安倍首相は4月7日の記者会見でもアビガンについて触れ、現在の備蓄量の3倍に相当する200万人分を準備することを明らかにしている。

しかしアビガンにも、深刻な副作用がある。胎児に奇形を起こす催奇形性だ。開発中のマウスに対する実験投与で奇形のマウスが生まれ、アフリカでは服用した男性の精液からアビガンの成分が検出されている。このため妊婦や子供をつくる予定のあるカップルには使用できない。

■あらゆる医薬品は副作用のある「両刃の剣」である

レムデシビルやアビガン以外にも効果が期待される既存の薬はいくつかある。いずれも有効性と安全性をきちんとチェックして臨床現場で使う必要がある。新型コロナウイルス感染症に対する新薬やワクチンの開発も、急ぐ必要がある。

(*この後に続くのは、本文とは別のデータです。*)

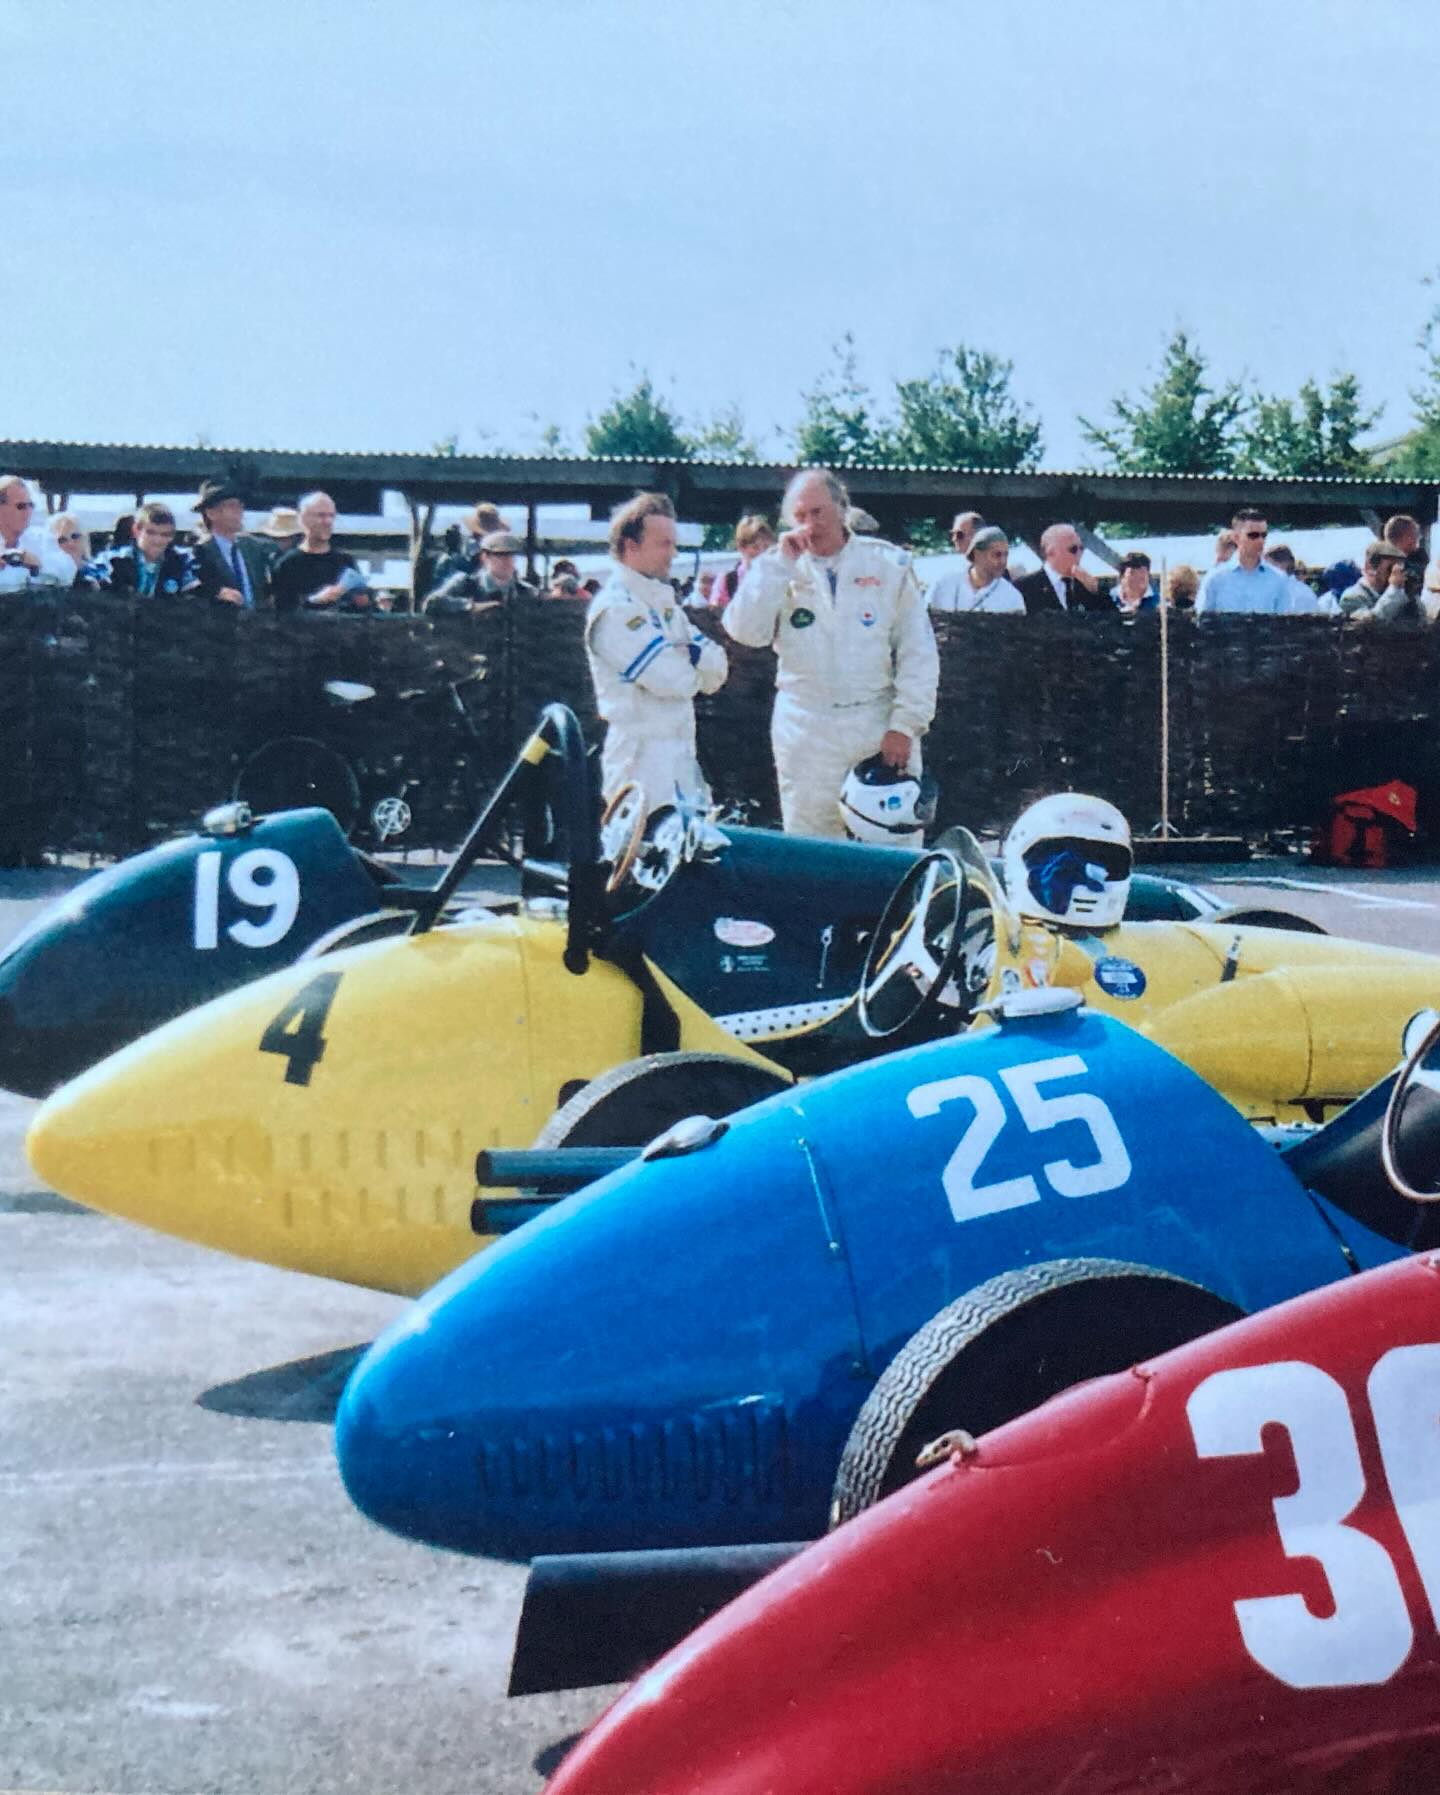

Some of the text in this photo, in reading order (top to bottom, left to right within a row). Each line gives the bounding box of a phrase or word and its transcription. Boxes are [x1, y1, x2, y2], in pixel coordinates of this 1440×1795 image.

[194, 849, 300, 950] 19
[259, 972, 344, 1087] 4
[907, 1055, 1132, 1222] 25

医薬品は副作用が避けられない。「両刃の剣」なのである。治療のどの過程でどう使うかなど、医療機関や臨床現場の医師らにはよく検討してもらいたい。患者に対するインフォームド・コンセント(十分な説明と同意)も欠かせない。こうした注意点は新薬やワクチンでも同じように重視しなければならない。

薬の副作用がもたらす「薬害」の歴史を私たちは知っている。

たとえば服用した妊婦から手足の短い子供が生まれた睡眠薬のサリドマイド、胃腸薬のキノホルムによって下半身の麻痺を引き起こしたスモン病、視力障害が問題にされた腎臓病治療薬のクロロキン、血友病の患者が血液製剤からエイズウイルスに感染した薬害エイズ事件、同じく血液製剤からは肝硬変や肝がんに進行するC型肝炎に感染する薬害も起きた。開頭手術のときの硬膜移植から感染が広まった薬害ヤコブ病も問題になった。薬害被害はいずれも甚大である。

なぜ薬害はなくならないのか。認可した厚生労働省は薬害の兆候があっても、認可した責任を問われたくないため、被害を小さくみた。製薬メーカーも患者の健康と命を預かっている責任を忘れ、目先の利益に走った。大学の教授や研究機関の研究者らは権威を保つために責任逃れを続けた。その結果、対応が遅れ、深刻な薬害被害が起きる。行政が何もしない不作為もあった。

■新薬ですべてが解決するかの論調の産経社説

新型コロナウイルス感染症に既存薬を使うにせよ、新薬やワクチンを開発するにせよ、政府や医療機関は副作用や副反応を軽んじてはいけない。そもそもこれまで大半の患者が対処療法で治癒している。抗新型コロナウイルス薬の投与が本当に必要なのか。慎重に考えるべきだ。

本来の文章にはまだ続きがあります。